Describe Adonis, and the counterfeit
Is poorly imitated after you;
On Helen's cheek all art of beauty set,
And you in Grecian tires are painted new:
Speak of the spring and foizon of the year,
The one doth shadow of your beauty show,
The other as your bounty doth appear,
And you in every blessed shape we know.
In all external grace you have some part,
But you like none, none you, for constant heart.
54
Oh how much more doth beauty beauteous seem
By that sweet ornament which truth doth give!
The rose looks fair, but fairer we it deem
For that sweet odour which doth in it live.
The canker-blooms have full as deep a dye
As the perfumed tincture of the roses,
Hang on such thorns, and play as wantonly,
When summer's breath their masked buds discloses:
But, for their virtue only is their show,
They live unwooed, and unrespected fade,
Die to themselves.
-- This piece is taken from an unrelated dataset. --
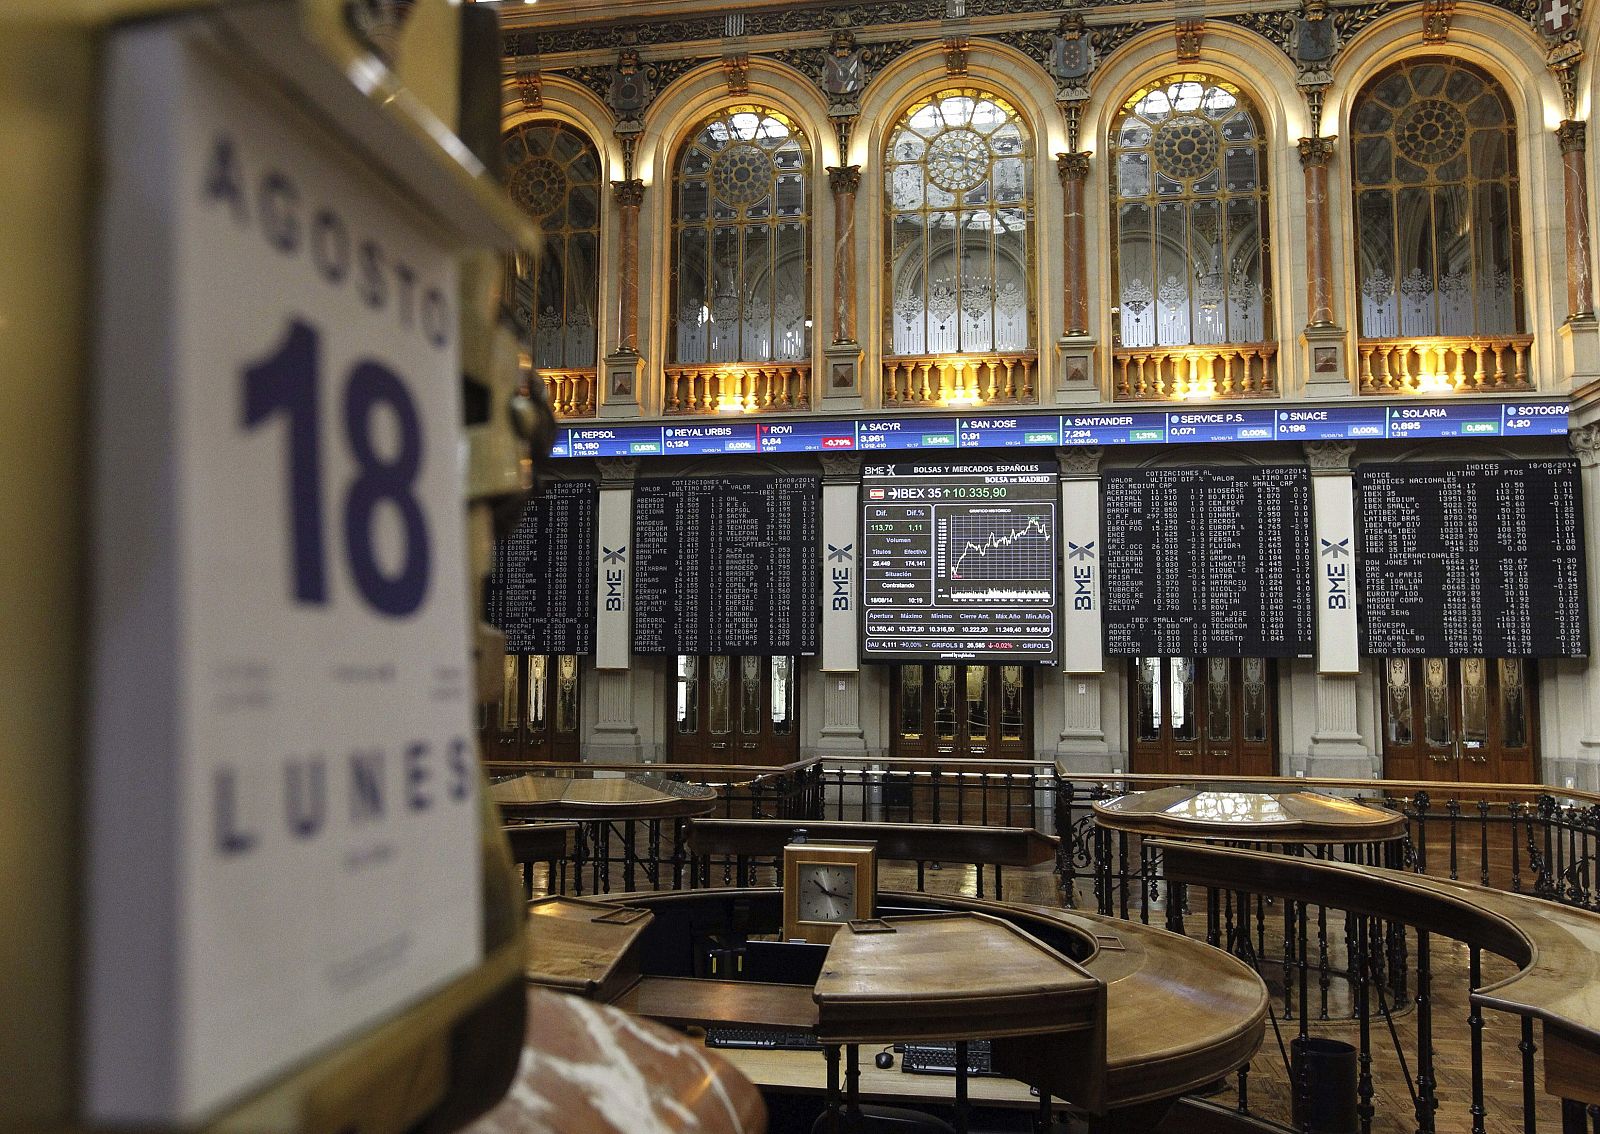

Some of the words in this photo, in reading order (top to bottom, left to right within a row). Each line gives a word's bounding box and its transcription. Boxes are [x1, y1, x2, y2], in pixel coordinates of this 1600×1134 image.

Sweet roses do not so;
Of their sweet deaths are sweetest odours made:
And so of you, beauteous and lovely youth,
When that shall fade, my verse distils your truth.
55
Not marble, nor the gilded monuments
Of princes, shall outlive this powerful rhyme,
But you shall shine more bright in these contents
Than unswept stone, besmeared with sluttish time.
When wasteful war shall statues overturn,
And broils root out the work of masonry,
Nor Mars his sword nor war's quick fire shall burn
The living record of your memory.
'Gainst death and all-oblivious enmity
Shall you pace forth; your praise shall still find room,
Even in the eyes of all posterity
That wear this world out to the ending doom.
So, till the judgement that yourself arise,
You live in this, and dwell in lover's eyes.
56
Sweet love, renew thy force; be it not said
Thy edge should blunter be than appetite,
Which but today by feeding is allayed,
Tomorrow sharpened in his former might.
So, love, be thou; although today thou fill
Thy hungry eyes, even till they wink with fulness,
Tomorrow see again, and do not kill
The spirit of love with a perpetual dulness.
Let this sad interim like the ocean be
Which parts the shore, where two contracted new
Come daily to the banks, that when they see
Return of love, more blest may be the view.
Else call it winter, which being full of care,
Makes summer's welcome thrice more wished, more rare.
57
Being your slave, what should I do but tend
Upon the hours and times of your desire?
I have no precious time at all to spend,
Nor services to do, till you require.
Nor dare I chide the world without end hour,
Whilst I (my sovereign) watch the clock for you,
Nor think the bitterness of absence sour,
When you have bid your servant once adieu.
Nor dare I question with my jealous thought
Where you may be, or your affairs suppose,
But like a sad slave stay and think of nought
Save where you are, how happy you make those.
So true a fool is love, that in your will,
Though you do any thing, he thinks no ill.
58
That god forbid that made me first your slave,
I should in thought control your times of pleasure,
Or at your hand th' account of hours to crave,
Being your vassal, bound to stay your leisure.
Oh let me suffer (being at your beck)
Th' imprisoned absence of your liberty,
And patience tame to sufferance bide each check,
Without accusing you of injury.
Be where you list, your charter is so strong
That you yourself may privilege your time
To what you will, to you it doth belong,
Yourself to pardon of self-doing crime.
I am to wait, though waiting so be hell,
Not blame your pleasure, be it ill or well.
59
If there be nothing new, but that which is
Hath been before, how are our brains beguiled,
Which labouring for invention bear amiss
The second burthen of a former child?
Oh that record could with a backward look,
Even of five hundred courses of the sun,
Show me your image in some antique book,
Since mind at first in character was done.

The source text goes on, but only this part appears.